The germarium at the distal tip of the ovariole contains the female germ cells (oogonia).
Oogonia undergo a mitotic division to become primary oocytes.
Oocytes pass down the ovariole wrapped by follicle cells. They form a series of bulges down the length of the ovariole. Each bulge is called a follicle.
Vitellogenesis is the process by which oocytes incorporate yolk.

Three types of ovarioles:

Panoistic: no trophocytes, seen in more primitive insects.

Telotrophic: the trophocytes in the distal end of the ovariole remain in contact with the oocyte through long tubes (nutritive cords) that carry nutrient into the oocyte. Found in Hemiptera and some Coleoptera

Polytrophic: Trophocytes (nurse cells) are intimately associated with each oocyte and enclosed within the follicle. Typically, they arise from incomplete divisions of a single oogonium in which the cell divides but doesn’t completely separate. Found in Lepidoptera, Neuroptera, Diptera, Hymenoptera, some Coleoptera.

Follicle cells secrete the chorion (egg shell) late in vitellogenesis.

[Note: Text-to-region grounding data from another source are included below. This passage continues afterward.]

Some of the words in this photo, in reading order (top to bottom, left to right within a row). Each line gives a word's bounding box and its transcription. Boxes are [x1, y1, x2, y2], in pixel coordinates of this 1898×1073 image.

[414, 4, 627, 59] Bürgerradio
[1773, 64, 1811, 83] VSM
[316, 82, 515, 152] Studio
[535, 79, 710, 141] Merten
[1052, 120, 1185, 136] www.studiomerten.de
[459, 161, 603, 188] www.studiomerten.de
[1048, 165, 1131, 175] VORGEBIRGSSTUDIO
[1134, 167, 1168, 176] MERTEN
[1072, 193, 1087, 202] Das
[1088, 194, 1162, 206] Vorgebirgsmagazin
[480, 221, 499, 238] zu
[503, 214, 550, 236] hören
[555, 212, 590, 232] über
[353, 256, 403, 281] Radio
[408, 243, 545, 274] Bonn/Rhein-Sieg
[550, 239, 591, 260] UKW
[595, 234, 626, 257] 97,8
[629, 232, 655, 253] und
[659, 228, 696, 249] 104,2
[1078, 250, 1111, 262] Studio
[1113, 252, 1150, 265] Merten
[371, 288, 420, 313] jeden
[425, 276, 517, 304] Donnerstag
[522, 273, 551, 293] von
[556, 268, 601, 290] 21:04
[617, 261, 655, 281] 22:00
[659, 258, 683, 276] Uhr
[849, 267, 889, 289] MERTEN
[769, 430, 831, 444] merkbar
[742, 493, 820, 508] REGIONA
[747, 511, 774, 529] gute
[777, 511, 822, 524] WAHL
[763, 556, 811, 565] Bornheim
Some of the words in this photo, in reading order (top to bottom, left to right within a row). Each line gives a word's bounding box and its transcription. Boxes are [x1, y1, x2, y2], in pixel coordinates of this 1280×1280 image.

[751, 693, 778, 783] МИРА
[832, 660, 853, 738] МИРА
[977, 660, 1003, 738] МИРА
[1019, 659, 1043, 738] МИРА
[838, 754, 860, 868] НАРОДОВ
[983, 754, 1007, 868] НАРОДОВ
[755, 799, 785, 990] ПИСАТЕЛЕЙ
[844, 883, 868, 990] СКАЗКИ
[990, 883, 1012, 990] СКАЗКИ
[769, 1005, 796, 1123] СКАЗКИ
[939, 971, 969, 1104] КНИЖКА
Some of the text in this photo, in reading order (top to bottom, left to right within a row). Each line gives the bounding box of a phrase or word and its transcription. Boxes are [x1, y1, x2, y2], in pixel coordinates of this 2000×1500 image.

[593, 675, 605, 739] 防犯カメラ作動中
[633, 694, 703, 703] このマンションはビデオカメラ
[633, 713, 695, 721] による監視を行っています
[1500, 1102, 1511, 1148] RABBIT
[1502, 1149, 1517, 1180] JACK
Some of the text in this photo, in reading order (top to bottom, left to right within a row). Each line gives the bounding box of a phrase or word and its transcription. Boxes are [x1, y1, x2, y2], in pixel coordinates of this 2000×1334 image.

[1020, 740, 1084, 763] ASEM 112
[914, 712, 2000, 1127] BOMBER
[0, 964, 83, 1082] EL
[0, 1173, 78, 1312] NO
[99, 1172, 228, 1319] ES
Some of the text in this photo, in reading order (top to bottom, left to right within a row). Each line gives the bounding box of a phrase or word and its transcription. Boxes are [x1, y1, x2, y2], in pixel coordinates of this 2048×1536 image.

Vitellogenesis occurs in the proximal part of the ovariole, termed the vitellarium. Nutritive cords are broken about the time of vitellogenesis in telotrophic ovarioles. Massive increase in volume.

In polytrophic ovarioles, the follicle epithelium pulls away from the oocyte and gaps appear between them. Vitellogenin is incorporated from the haemolymph into the oocyte by receptor-mediated endocytosis.

Lipid yolk and protein yolk are derived from the fat body and circulated via the haemolymph.

Hormonal controls

Juvenile hormone from the corpora allata forms a peak in the adult. Necessary for vitellogenin release from fat body.

In some insects the oocytes develop in the pupa.

In others, certain nutrients are required:

autogenous insects: don’t require a protein meal as an adult for oogenesis to occur

anautogenous insects: require a protein meal for oogenesis.

Oocyte Resorption

Usually a response to adverse conditions. Protein and lipid disappear from the oocyte, resorbed into haemolymph.

Females show a range of strategies:

Some produce eggs asynchronously so that they are always ready to oviposit but in small numbers. Common in lepidoptera.

Some produce synchronously and lay in batches of several hundred eggs. In some cases, it has been shown that accumulations of larvae are an advantage, especially when food is not a limiting resource.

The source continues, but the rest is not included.